START SUPPLIED INFORMATION

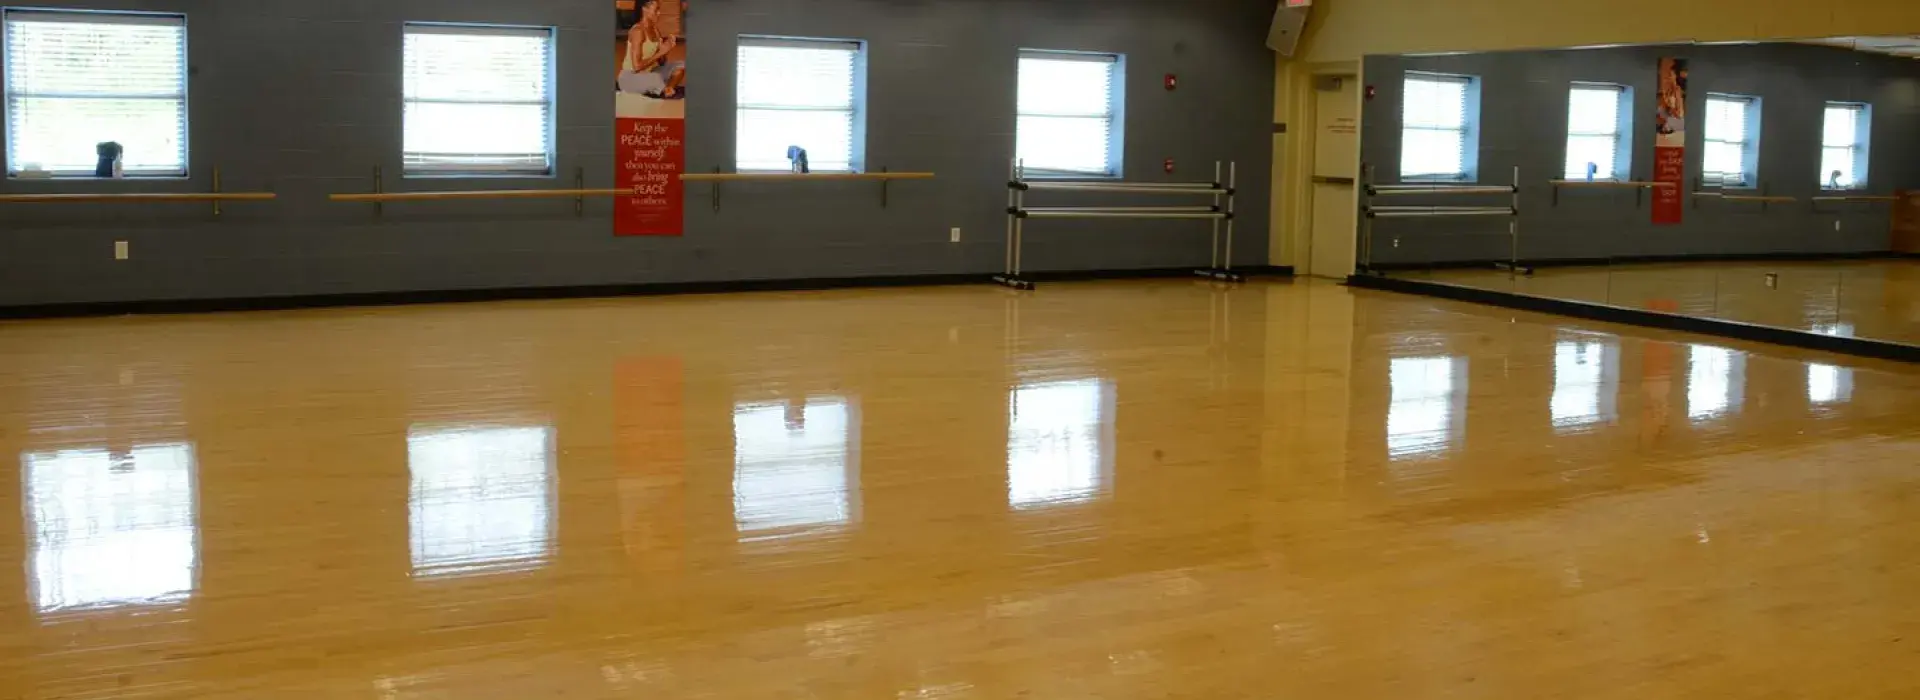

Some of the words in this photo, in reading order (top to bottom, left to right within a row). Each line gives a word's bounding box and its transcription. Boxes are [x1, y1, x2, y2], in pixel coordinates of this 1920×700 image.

[634, 121, 653, 135] Keep
[620, 134, 652, 146] PEACE
[648, 170, 669, 186] bring
[634, 184, 666, 195] PEACE
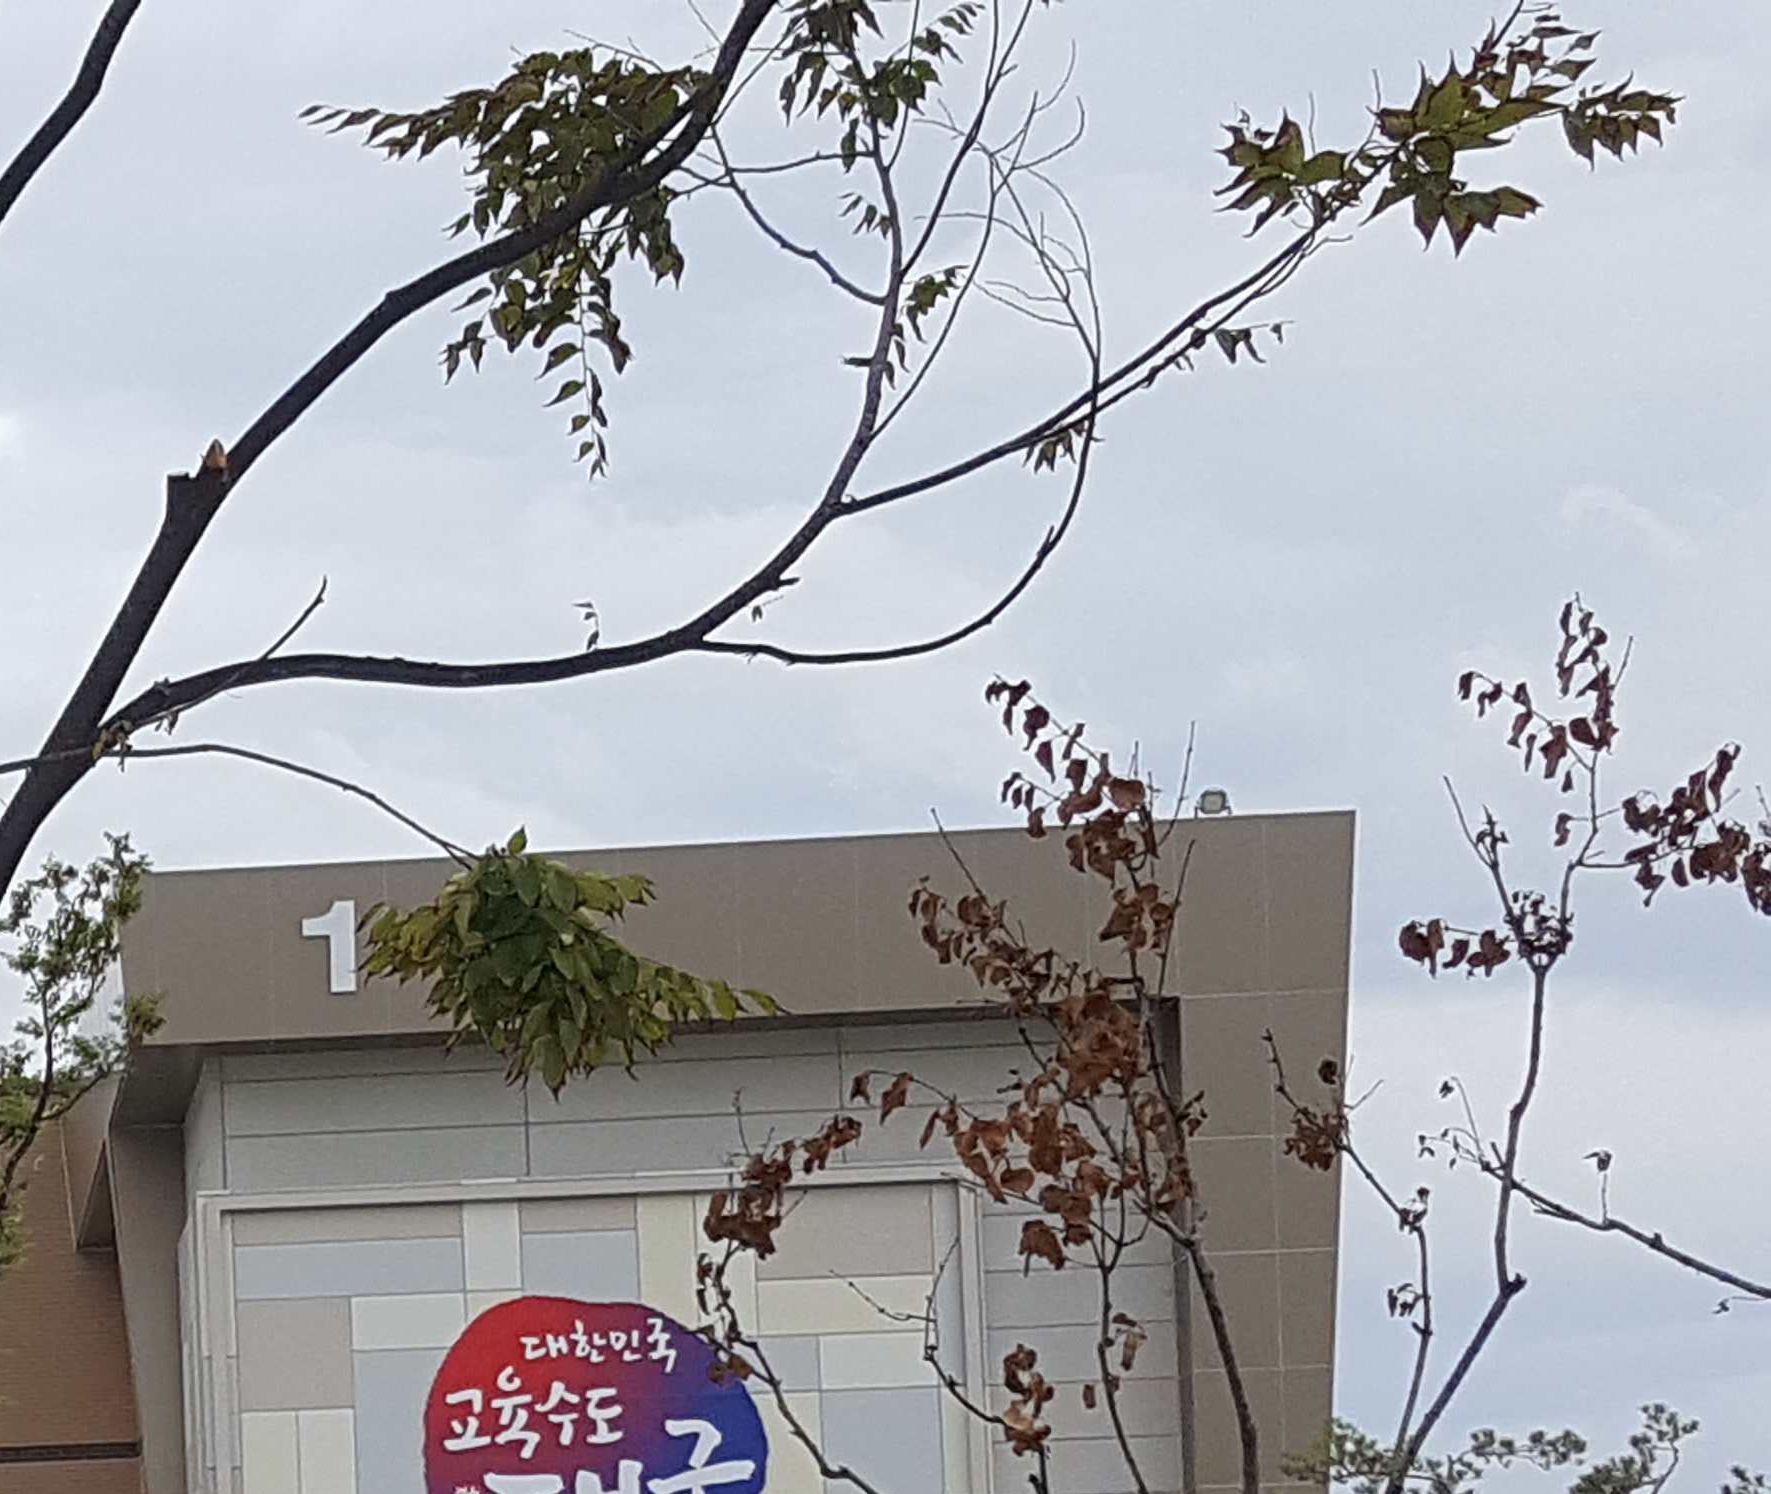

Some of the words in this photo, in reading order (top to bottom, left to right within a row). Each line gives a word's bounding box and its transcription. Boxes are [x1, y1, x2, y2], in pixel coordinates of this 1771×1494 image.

[302, 900, 357, 993] 1
[520, 1317, 678, 1373] 대한민국
[443, 1366, 624, 1458] 교육수도

END SUPPLIED INFORMATION

**DIRECTIONS FOR THIS TASK**
Pictures do not belong in the copy; repeat the rest of the listing exactly.

**WRITTEN RESPONSE**
Some of the words in this photo, in reading order (top to bottom, left to right within a row). Each line gives a word's bounding box and its transcription. Boxes are [x1, y1, x2, y2], in pixel coordinates of this 1920×700 image.

[634, 121, 653, 135] Keep
[620, 134, 652, 146] PEACE
[648, 170, 669, 186] bring
[634, 184, 666, 195] PEACE

Some of the words in this photo, in reading order (top to bottom, left to right within a row). Each line gives a word's bounding box and its transcription. Boxes are [x1, y1, x2, y2], in pixel coordinates of this 1771×1494 image.

[302, 900, 357, 993] 1
[520, 1317, 678, 1373] 대한민국
[443, 1366, 624, 1458] 교육수도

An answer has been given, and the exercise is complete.